### Given data

++++++++++++++++++++

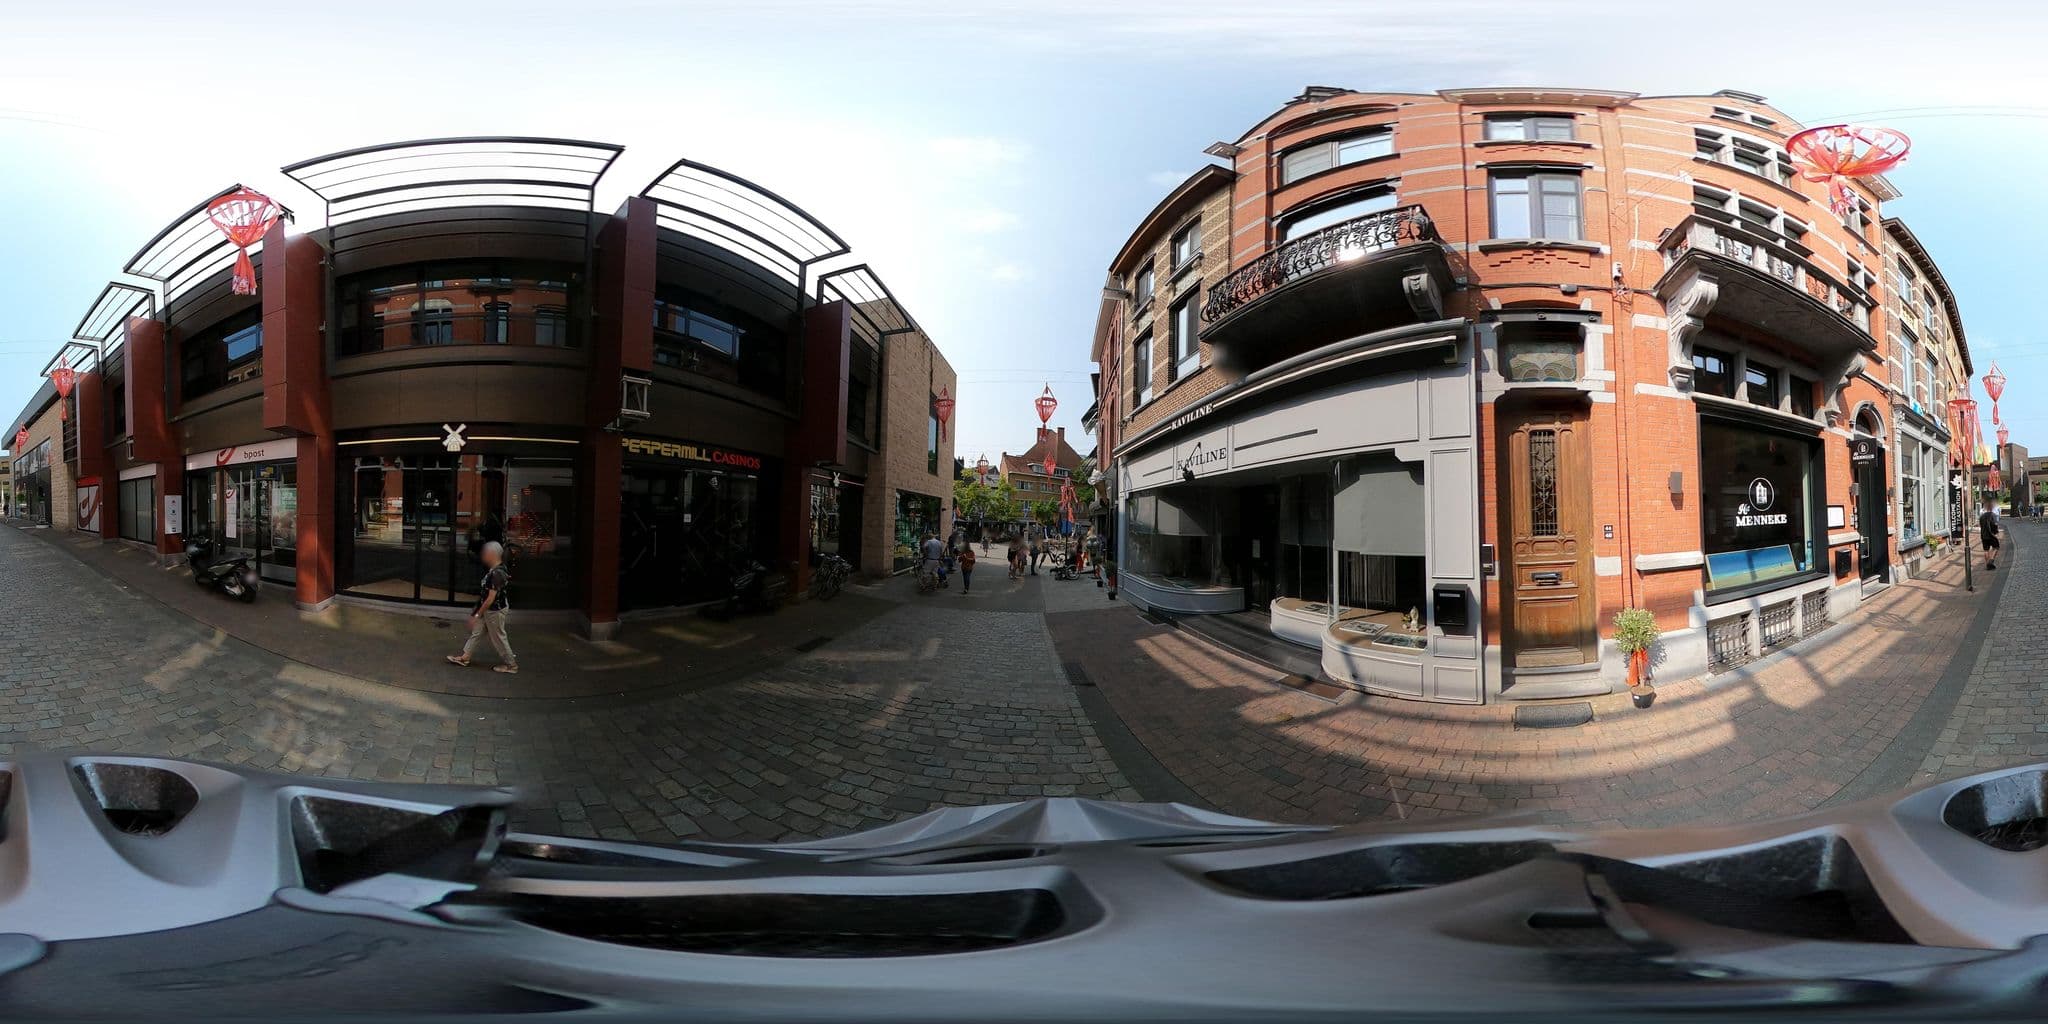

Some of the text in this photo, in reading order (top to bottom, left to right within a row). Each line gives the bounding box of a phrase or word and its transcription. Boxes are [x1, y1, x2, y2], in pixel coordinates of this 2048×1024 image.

[1171, 403, 1213, 430] KAVILINE
[243, 449, 265, 460] bpost
[712, 451, 760, 470] CASINOS
[1176, 447, 1227, 471] KAVILINE
[1735, 514, 1787, 527] MENNEKE

++++++++++++++++++++

### What to work on
The result should be an exact copy of the material, containing no pictures.

### Exercise result
Some of the text in this photo, in reading order (top to bottom, left to right within a row). Each line gives the bounding box of a phrase or word and its transcription. Boxes are [x1, y1, x2, y2], in pixel coordinates of this 2048×1024 image.

[1171, 403, 1213, 430] KAVILINE
[243, 449, 265, 460] bpost
[712, 451, 760, 470] CASINOS
[1176, 447, 1227, 471] KAVILINE
[1735, 514, 1787, 527] MENNEKE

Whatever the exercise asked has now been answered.